[Supplied entries]
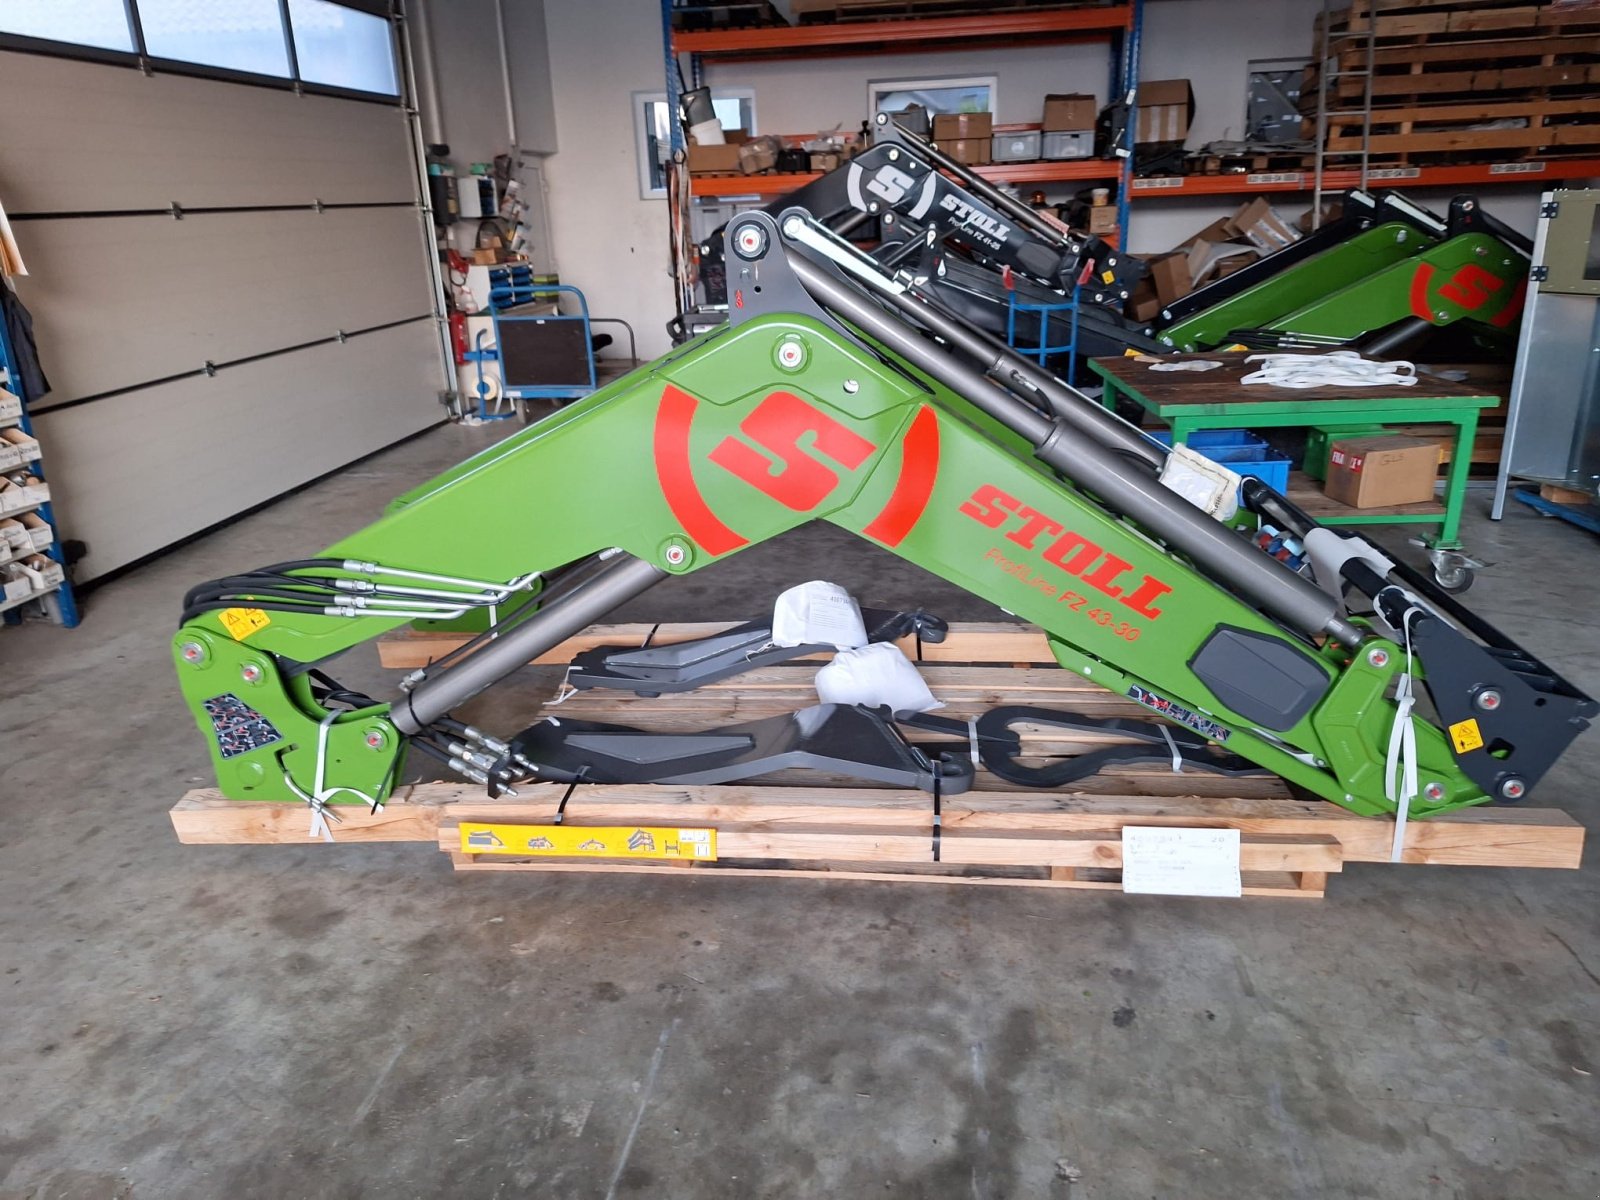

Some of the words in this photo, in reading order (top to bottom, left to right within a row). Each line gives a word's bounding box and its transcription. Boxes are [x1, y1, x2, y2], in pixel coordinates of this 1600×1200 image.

[867, 165, 915, 203] S
[1436, 263, 1505, 311] S
[707, 390, 878, 512] S
[959, 483, 1174, 621] STOLL
[983, 547, 1057, 597] ProfiLine
[1057, 589, 1088, 612] FZ
[1086, 608, 1141, 642] 43-30
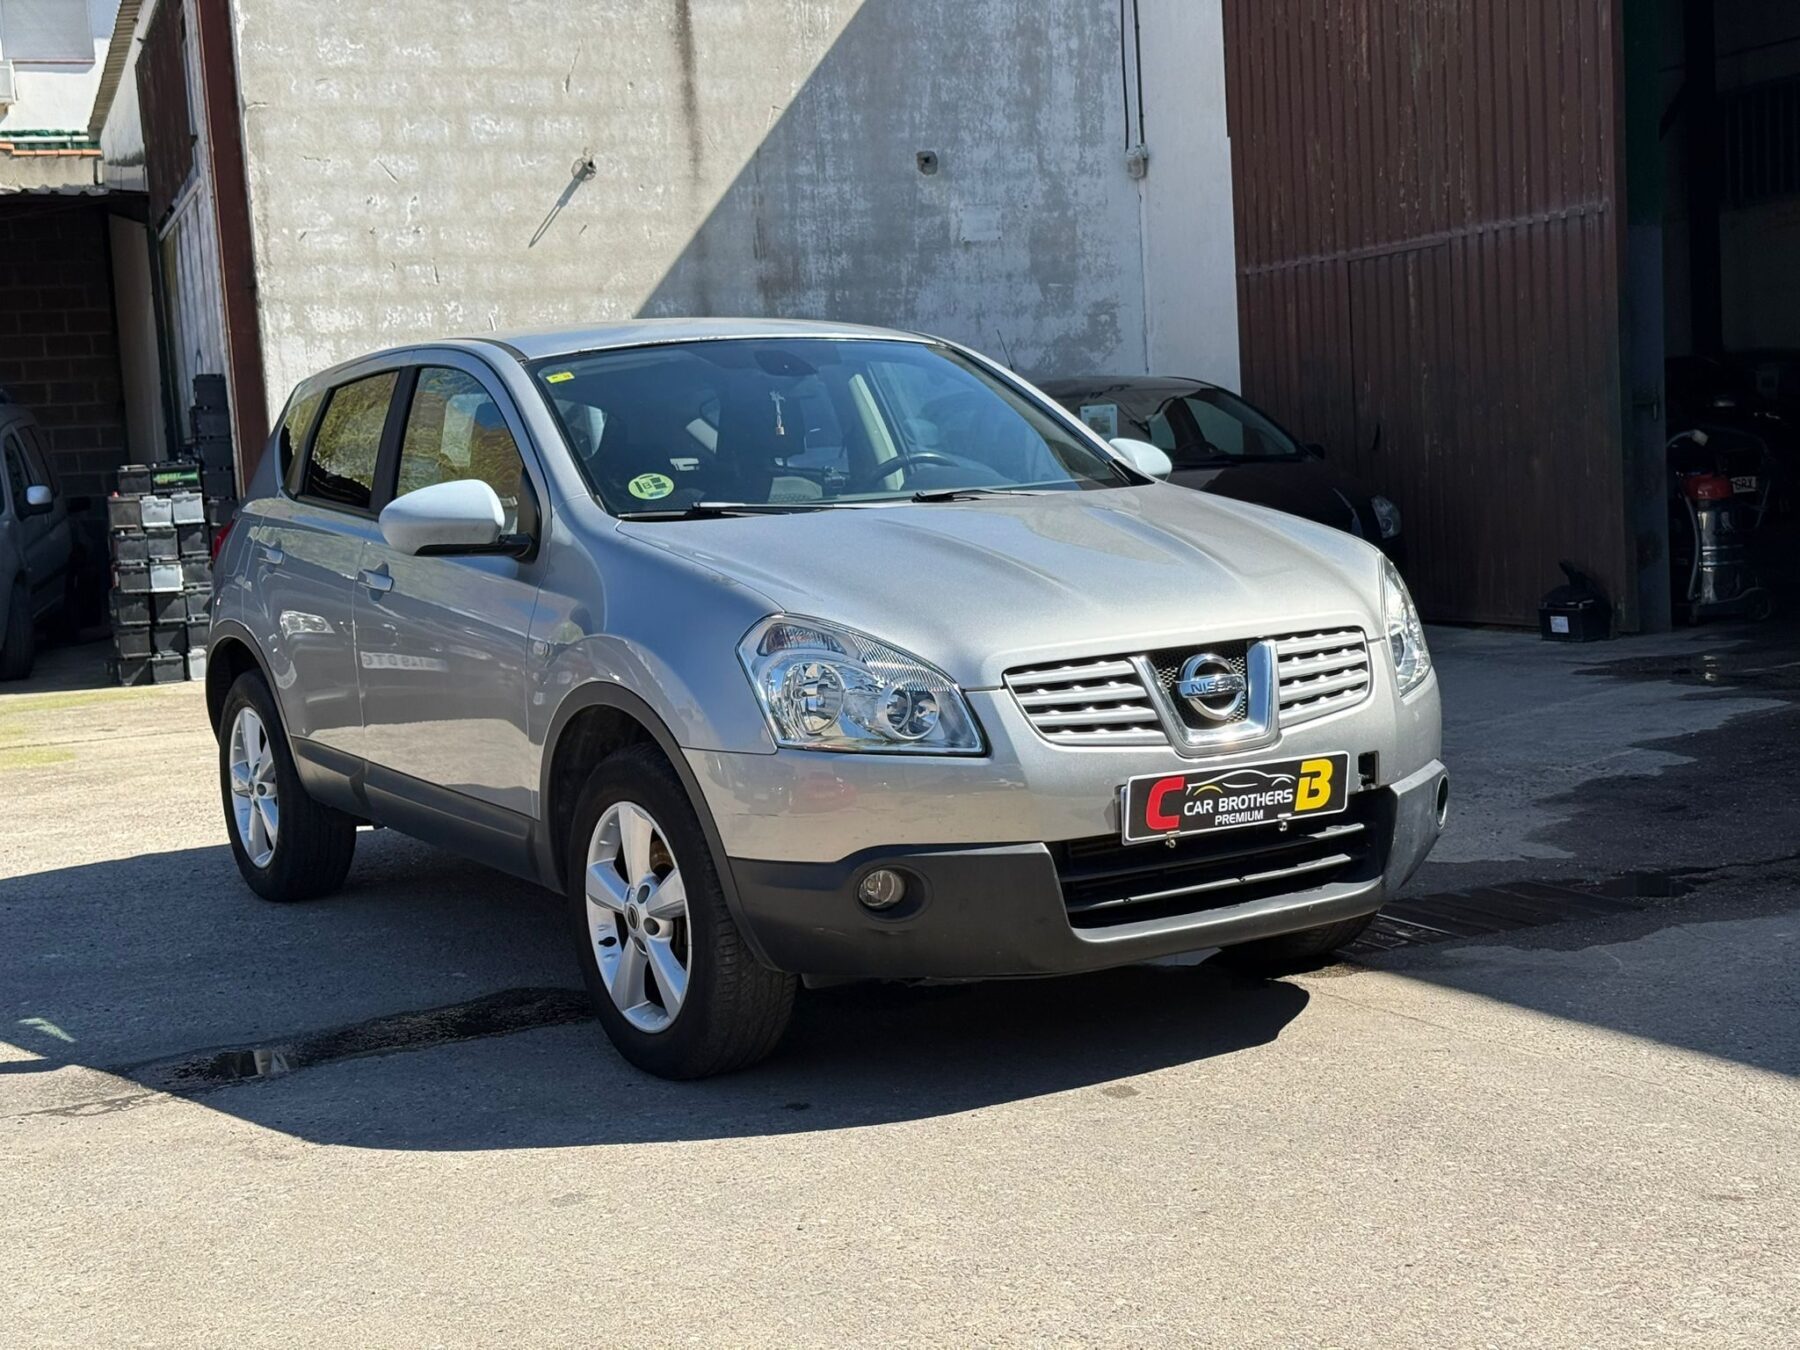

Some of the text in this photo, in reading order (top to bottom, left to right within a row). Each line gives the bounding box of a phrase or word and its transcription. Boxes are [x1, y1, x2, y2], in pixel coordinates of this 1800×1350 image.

[Assigned task] Retype every entry above exactly, leaving out the pictures.

[Answer for the task]
Some of the words in this photo, in reading order (top to bottom, left to right within a row). Each line gives a word's bounding box and its transcription. Boxes are [x1, y1, x2, y2], in pixel coordinates of this 1600×1200 image.

[867, 165, 915, 203] S
[1436, 263, 1505, 311] S
[707, 390, 878, 512] S
[959, 483, 1174, 621] STOLL
[983, 547, 1057, 597] ProfiLine
[1057, 589, 1088, 612] FZ
[1086, 608, 1141, 642] 43-30

Some of the text in this photo, in reading order (top to bottom, left to right within a row). Each line gives the bounding box of a phrase or word and its transcription. Boxes are [x1, y1, x2, y2], in pixel coordinates of this 1800×1350 image.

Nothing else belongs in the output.